▶ Work request
Pictures left aside, return the lines below exactly, from the one with "Some of the text" to the end, including both ends.
━━━ Entries supplied
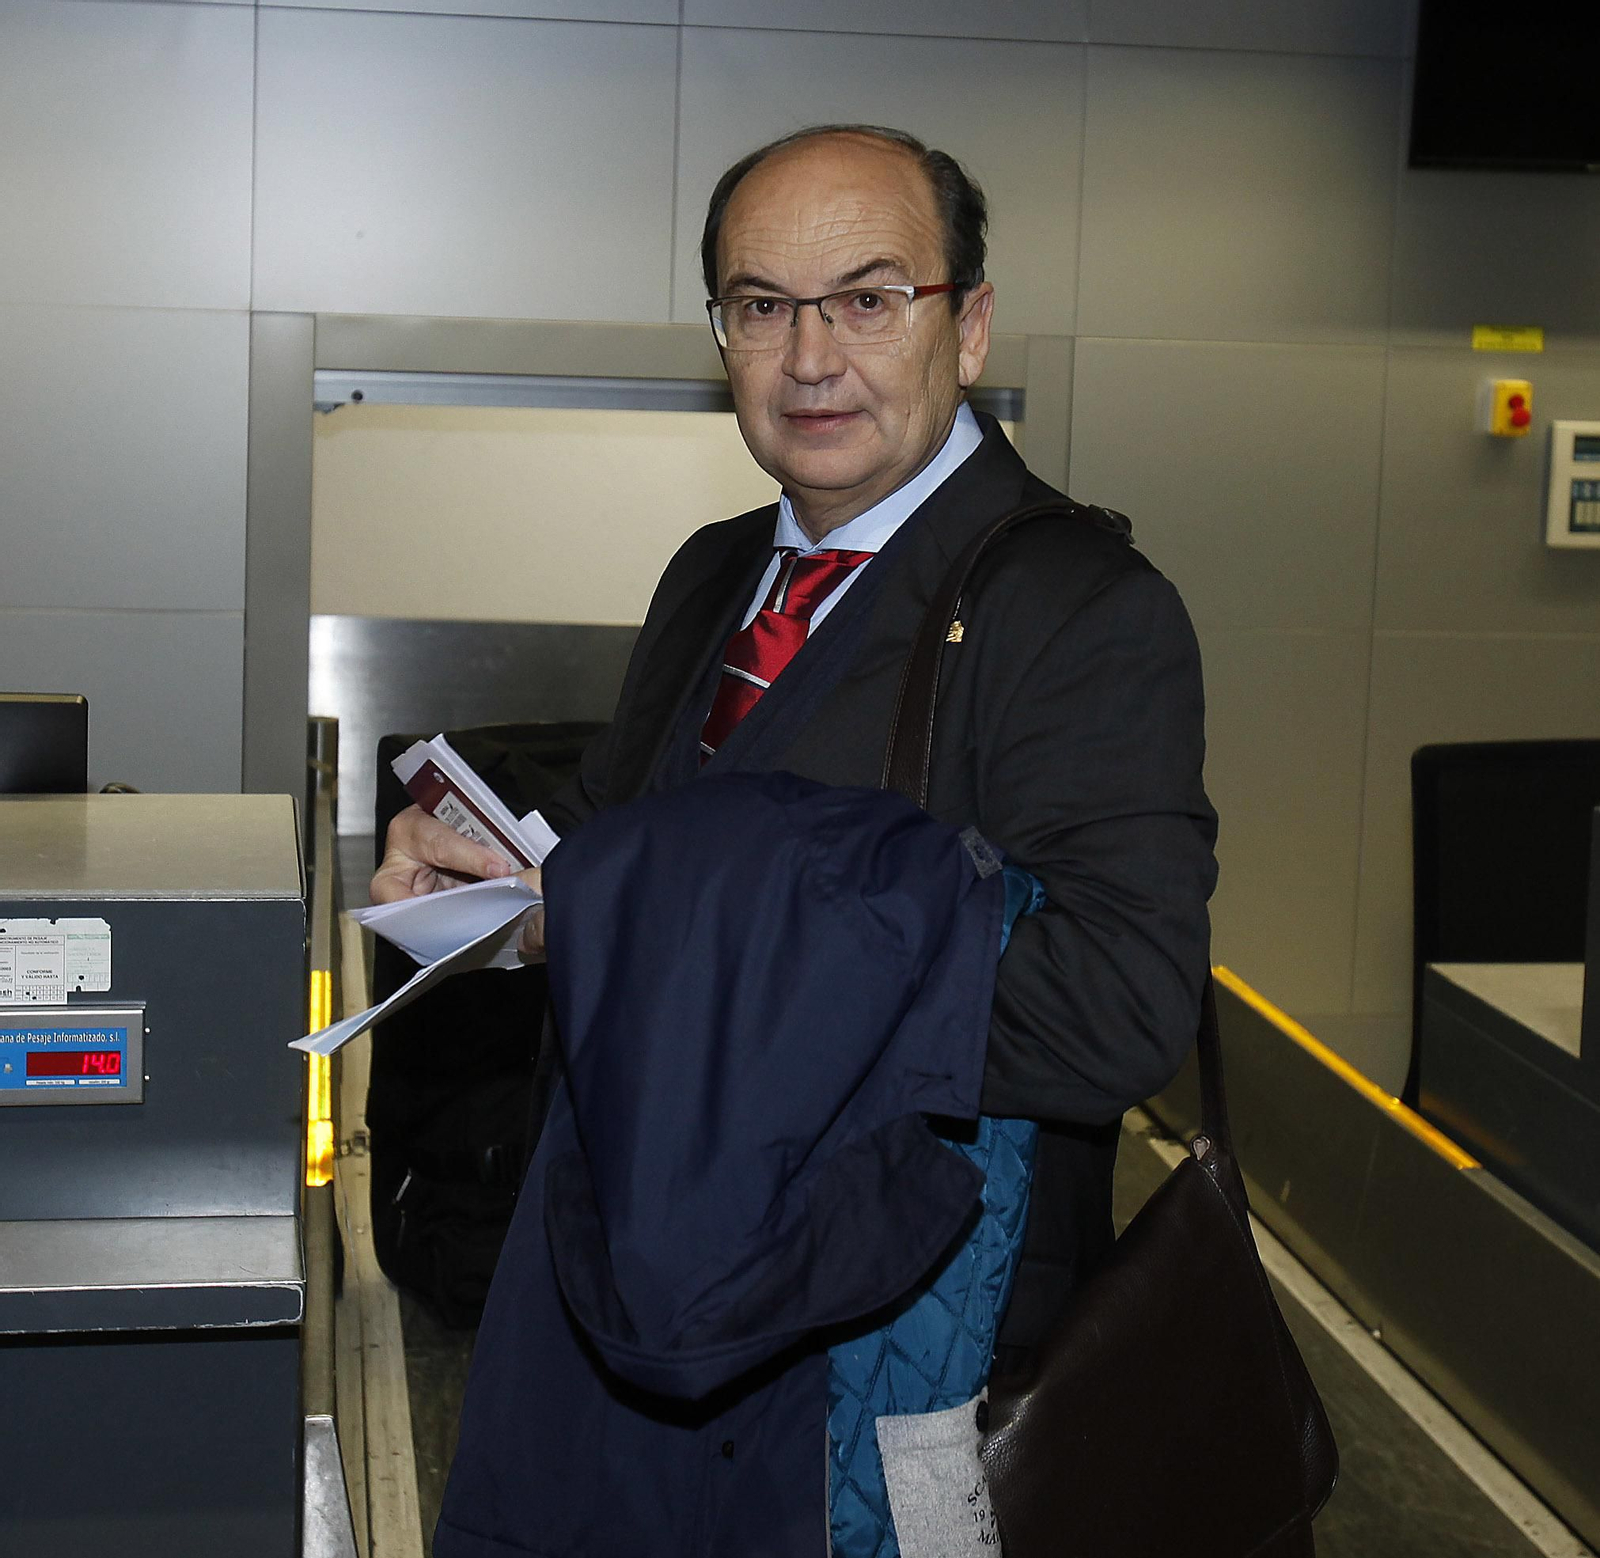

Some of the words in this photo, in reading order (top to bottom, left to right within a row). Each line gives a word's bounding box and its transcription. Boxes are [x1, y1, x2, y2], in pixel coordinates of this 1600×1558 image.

[16, 1032, 25, 1043] de
[27, 1032, 51, 1045] Pesaje
[109, 1031, 120, 1043] s.l.
[82, 1053, 121, 1074] 14.0
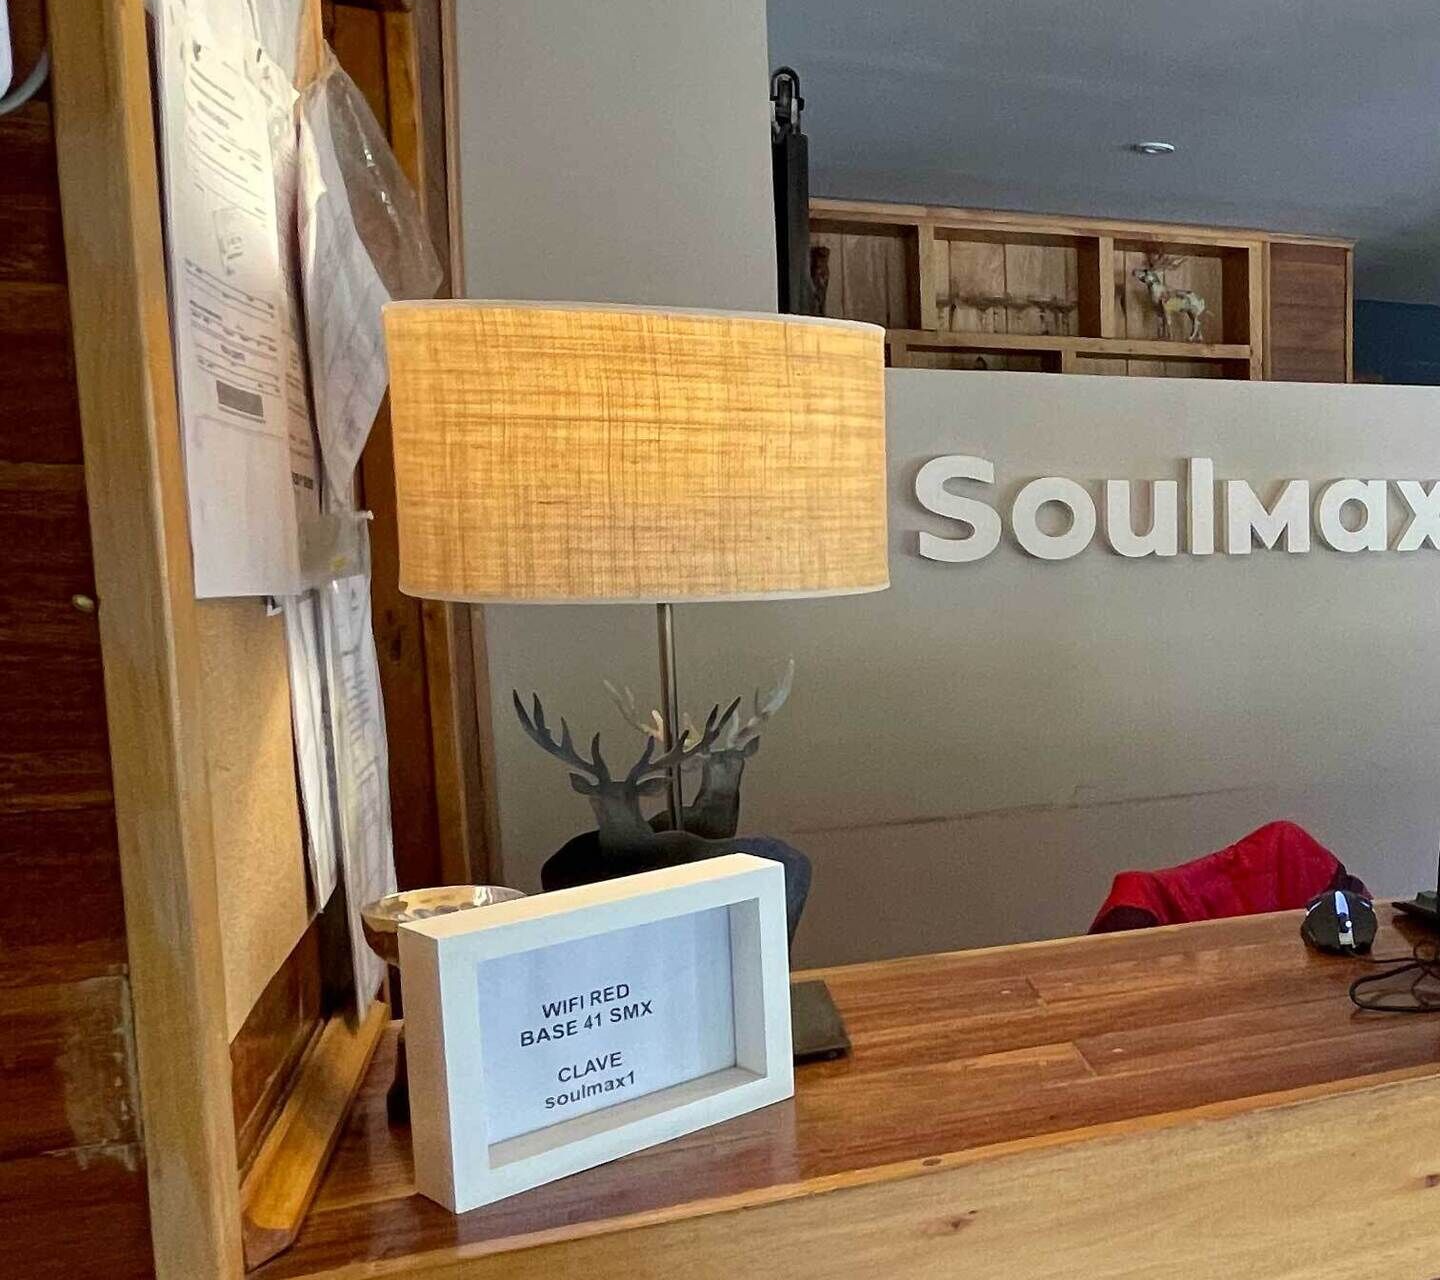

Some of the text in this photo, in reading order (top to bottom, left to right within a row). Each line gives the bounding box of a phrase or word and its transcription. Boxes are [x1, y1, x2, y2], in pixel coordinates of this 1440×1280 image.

[542, 983, 630, 1019] WIFI RED
[520, 999, 653, 1047] BASE 41 SMX
[557, 1051, 623, 1083] CLAVE
[545, 1070, 635, 1109] soulmax1
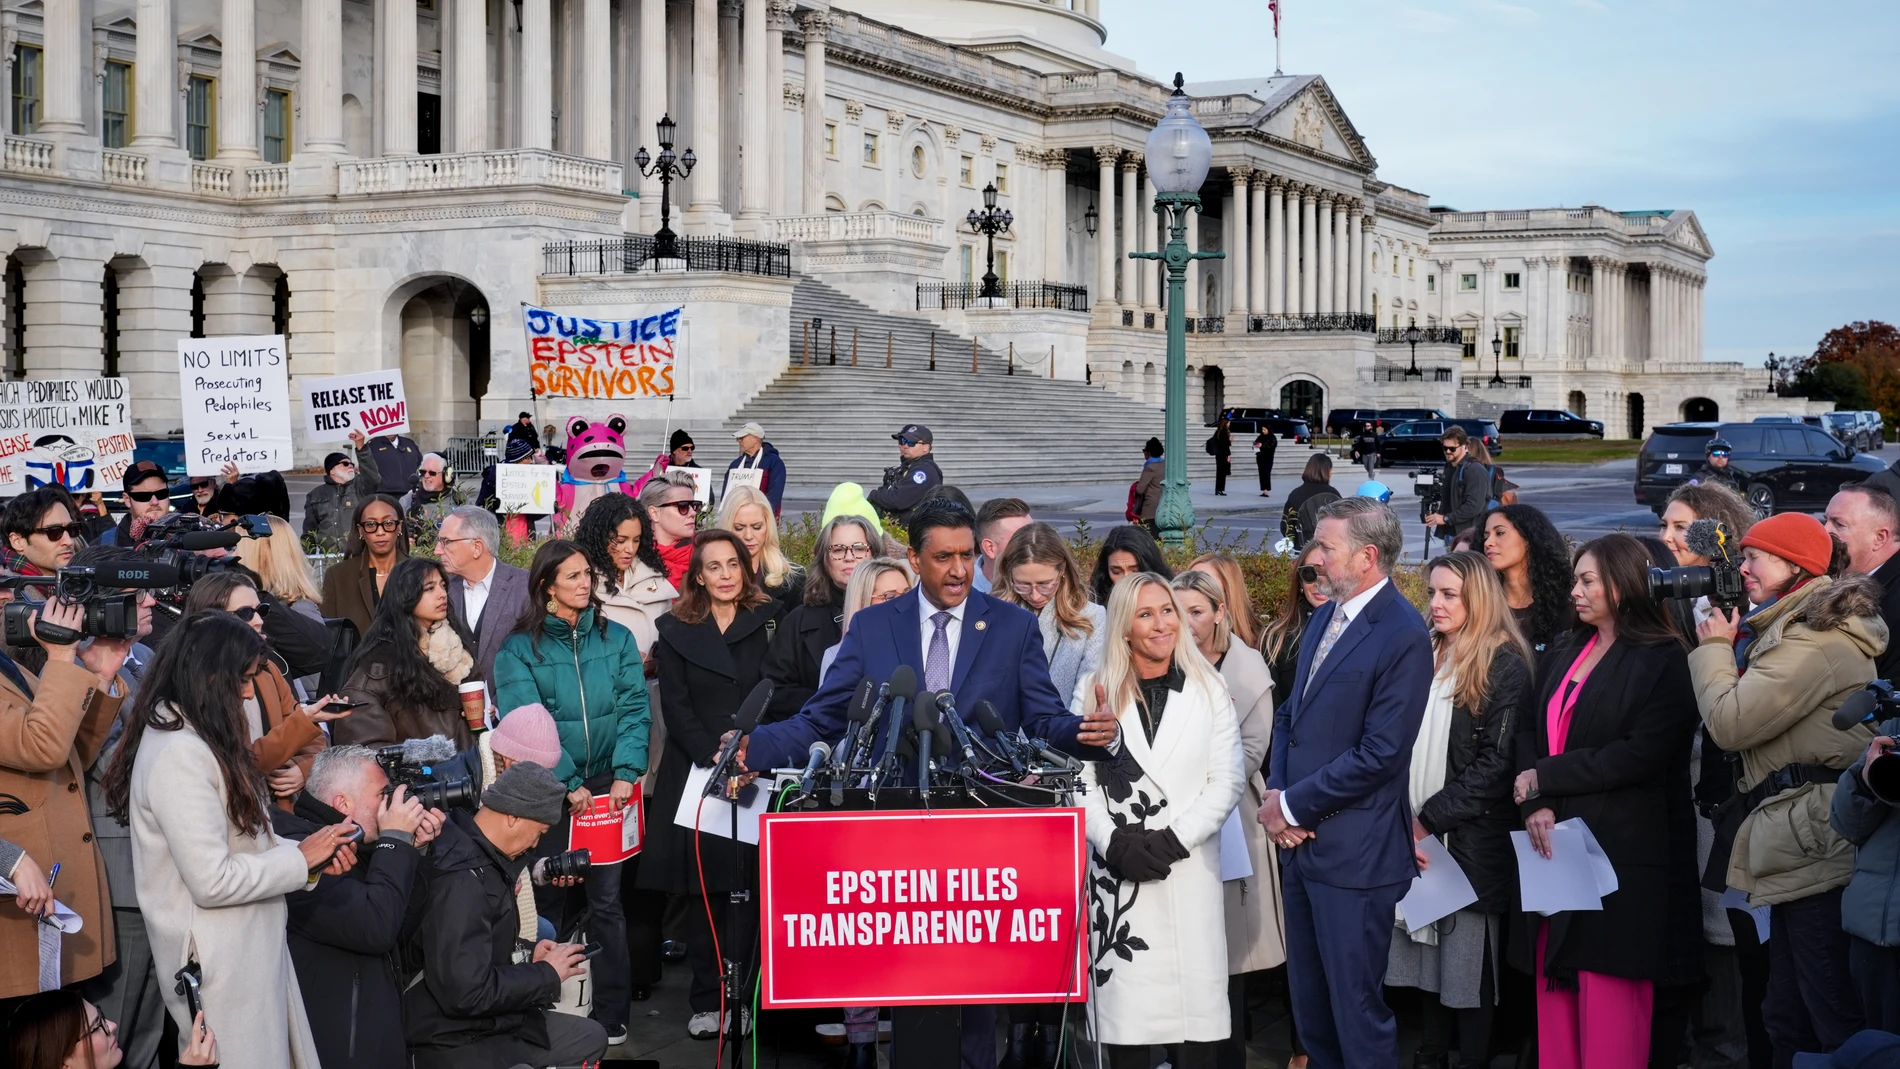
━━━━━━
▶ Answer box
Some of the text in this photo, in reading order (top to bottom, left to right within a row). Each line gives the bounding box of a phrase or word and its transcription. Boxes are [x1, y1, x2, y2], in pixel coordinates of this 1440×1280 image.

[542, 983, 630, 1019] WIFI RED
[520, 999, 653, 1047] BASE 41 SMX
[557, 1051, 623, 1083] CLAVE
[545, 1070, 635, 1109] soulmax1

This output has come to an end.